** Records **
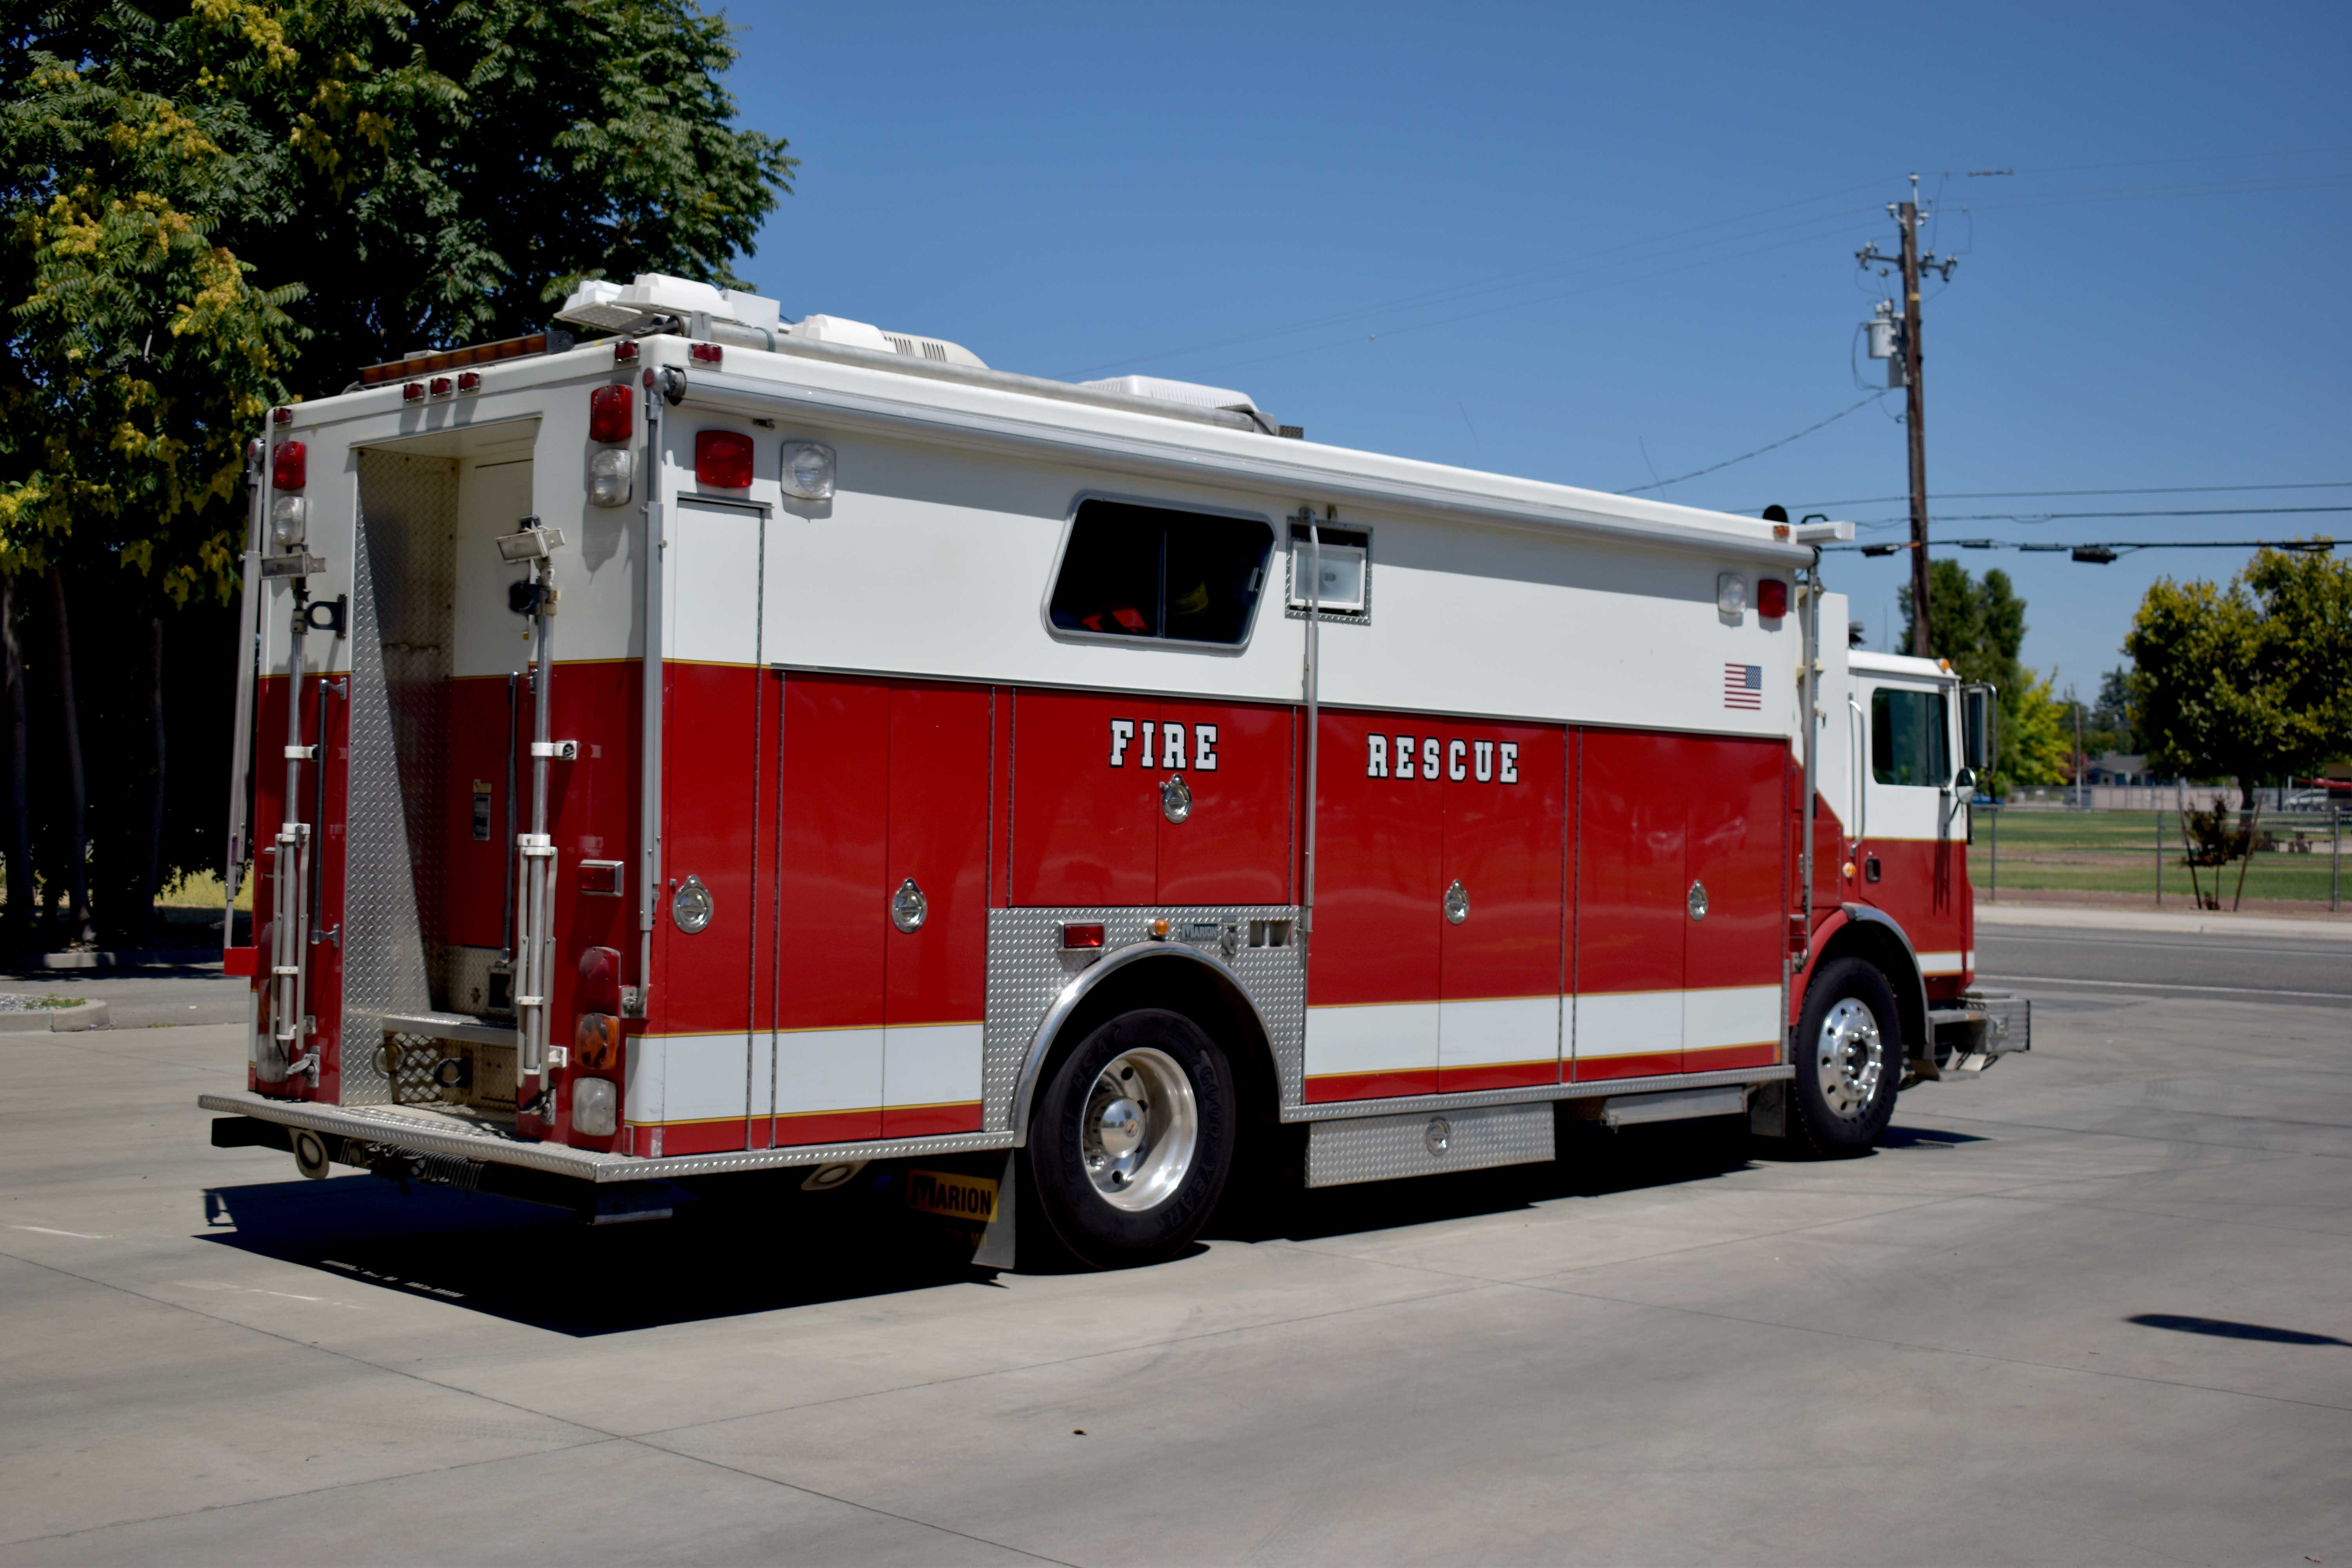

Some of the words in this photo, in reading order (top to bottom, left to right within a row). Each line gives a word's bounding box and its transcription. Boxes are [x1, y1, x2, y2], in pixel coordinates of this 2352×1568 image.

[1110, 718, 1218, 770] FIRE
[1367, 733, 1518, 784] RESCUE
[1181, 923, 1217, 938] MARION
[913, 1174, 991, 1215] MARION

** Task instructions **
Leave the pictures out and output all of the data verbatim.

** The completed task **
Some of the words in this photo, in reading order (top to bottom, left to right within a row). Each line gives a word's bounding box and its transcription. Boxes are [x1, y1, x2, y2], in pixel coordinates of this 2352×1568 image.

[1110, 718, 1218, 770] FIRE
[1367, 733, 1518, 784] RESCUE
[1181, 923, 1217, 938] MARION
[913, 1174, 991, 1215] MARION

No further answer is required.